We know that trying to fear monger about comparative effectiveness research in the stimulus bill was just the warm-up act for the pharmaceutical industry. A campaign pledge for the president (and many Democratic members of Congress) was to encourage the use of generic drugs in Medicare Part D, something PhRMA is already planning a multi-million dollar ad campaign to combat. But they're wrong - taking steps to make it more likely that a patient will receive a generic drug than a brand-name drug has been demonstrated to save a lot of money, and not just in the big city.
Lewis, Jefferson and St. Lawrence County are part of New York State's "North Country" along the Canadian border. They're huge, spread out areas, with a combined population no bigger than that of Fort Wayne, Indiana. They're exactly the regions of upstate New York that have worrying issues of access to health care services. They're also a far cry from the cities where a lot of progressive health care experiments take place. But the three counties also saved $14.55 million on prescription drugs in 2008, according to a report from Excellus BlueCross BlueShield. The reason why? State laws that promote the use of generics over brand-name drugs. It's the easiest $15 million you can make.
In 1987, New York State passed a law to dramatically increase the use of generic drugs. If you come to your pharmacist with a brand-name drug and there is an equivalent generic in the FDA's "Approved Drug Products with Therapeutic Equivalence Evaluations" book, your pharmacist is empowered to automatically give you the much cheaper generic. Your physician's primacy is preserved - if your doctor meant you only to have the brand-name drug, he or she can write "Dispense as written" on the bottom. But studies have shown that many doctors may not be aware of the generic alternatives. Even more likely, years of aggressive advertising may mean the doctor can only remember the brand-name drug, even though there are clinically-tested, much cheaper generics out there. Making generics the default option corrects this marketing-induced bias. It also prevents the worse aspects of direct-to-consumer marketing - patients can't force the pharmacist to give them the brand-name instead of the generic; only doctors can.

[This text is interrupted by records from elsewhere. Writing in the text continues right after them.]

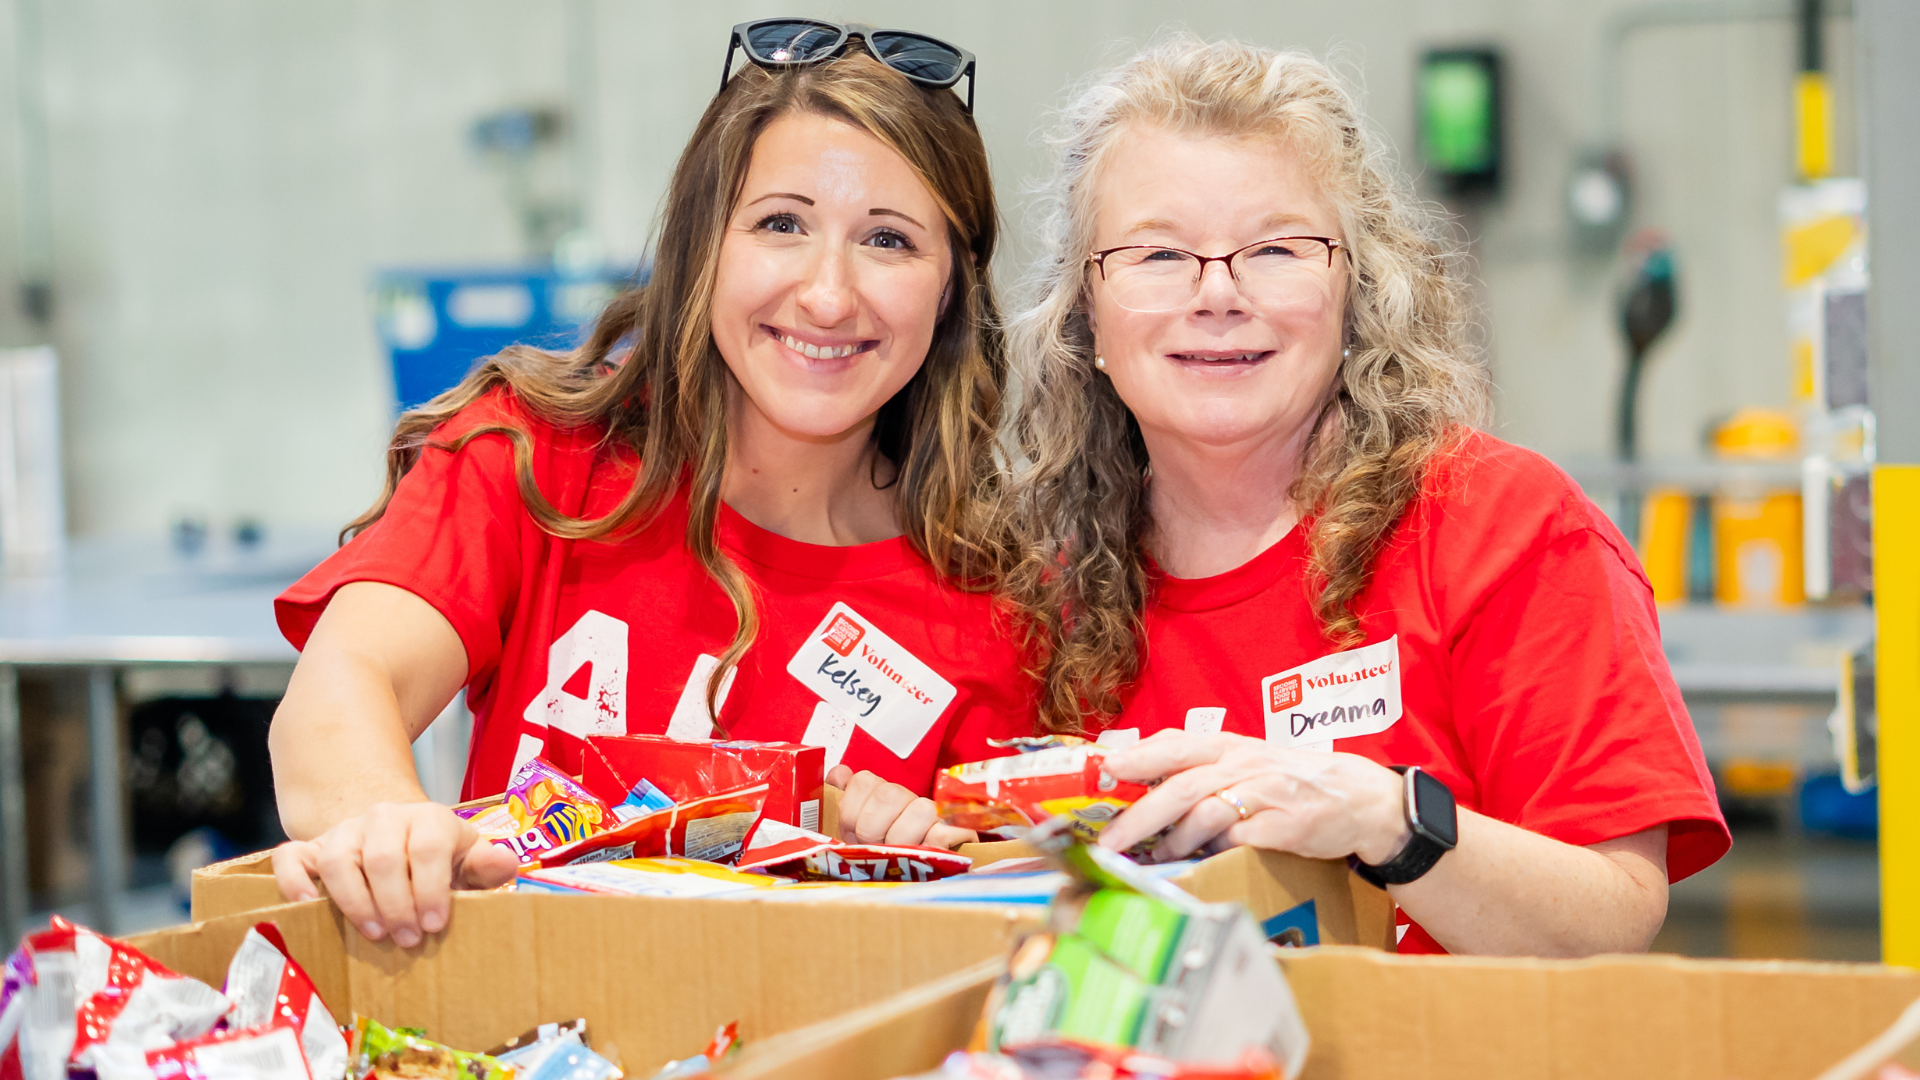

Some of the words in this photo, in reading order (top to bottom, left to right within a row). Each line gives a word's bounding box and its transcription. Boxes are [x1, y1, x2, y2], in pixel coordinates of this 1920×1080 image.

[816, 653, 882, 718] Kelsey
[860, 643, 934, 706] Volunteer
[1273, 679, 1297, 691] SECOND
[1306, 660, 1393, 690] Volunteer
[1290, 697, 1386, 737] Dreama
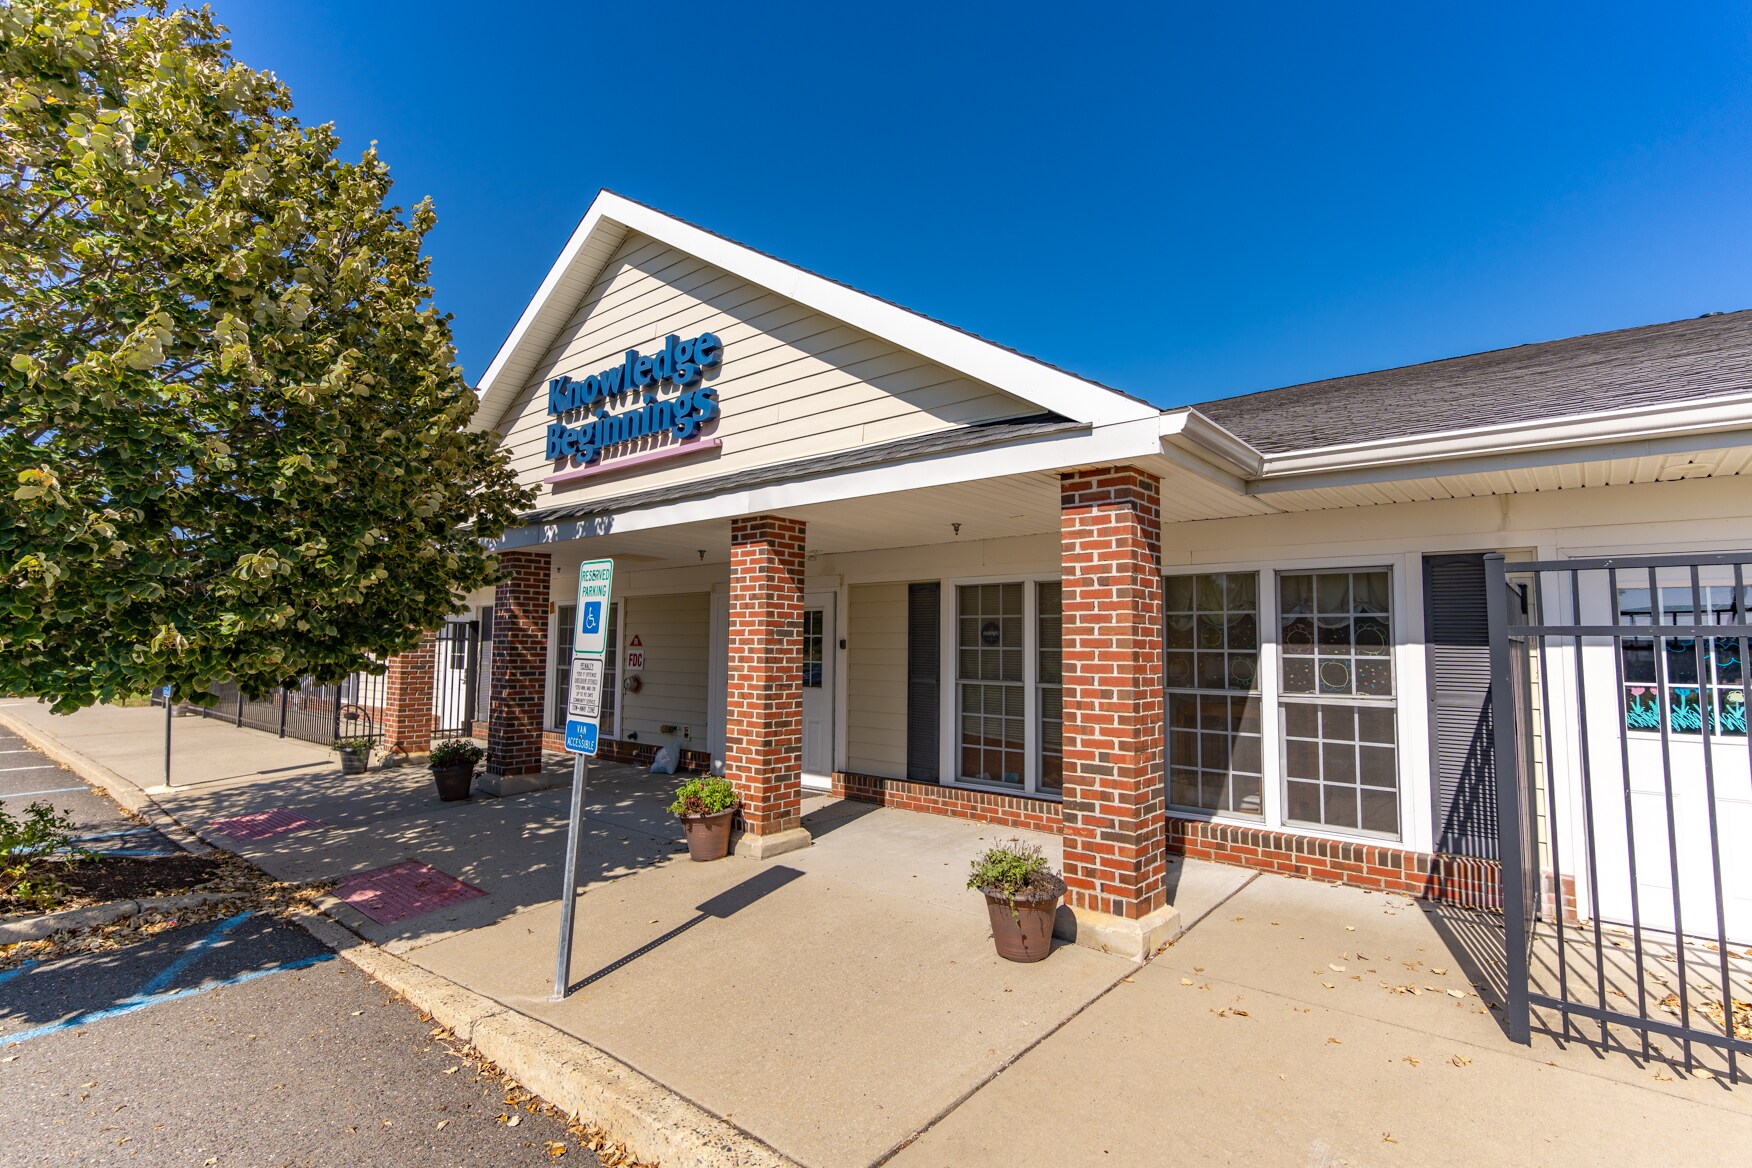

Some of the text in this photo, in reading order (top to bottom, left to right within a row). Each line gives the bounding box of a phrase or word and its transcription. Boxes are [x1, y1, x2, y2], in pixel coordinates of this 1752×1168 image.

[547, 332, 723, 417] Knowledge
[545, 387, 719, 463] Beginnings
[582, 569, 609, 581] RESERVED
[582, 585, 606, 596] PARKING
[581, 662, 593, 670] PENALTY
[629, 653, 643, 667] FDC
[577, 725, 587, 734] VAN
[567, 737, 594, 750] ACCESSIBLE

As such, generic use is very high in Central New York - 59.6% of prescriptions in 2007, and 64.7% as the economy. And if you add all 39 upstate New York counties included in the report, the total savings are eye-popping: $369 million in 2008. All without any appreciable difference in health outcomes, all with giving doctors a free hand to deliberately choose the brand-name rather than defaulting to it, and all leading to less out-of-pocket expenses (particularly important for those in the Medicare Part D "doughnut hole").
So someday soon, PhRMA and Montel Williams will take to your airwaves telling you that preserving free choices is more important than encouraging the use of generics. But their numbers just won't add up.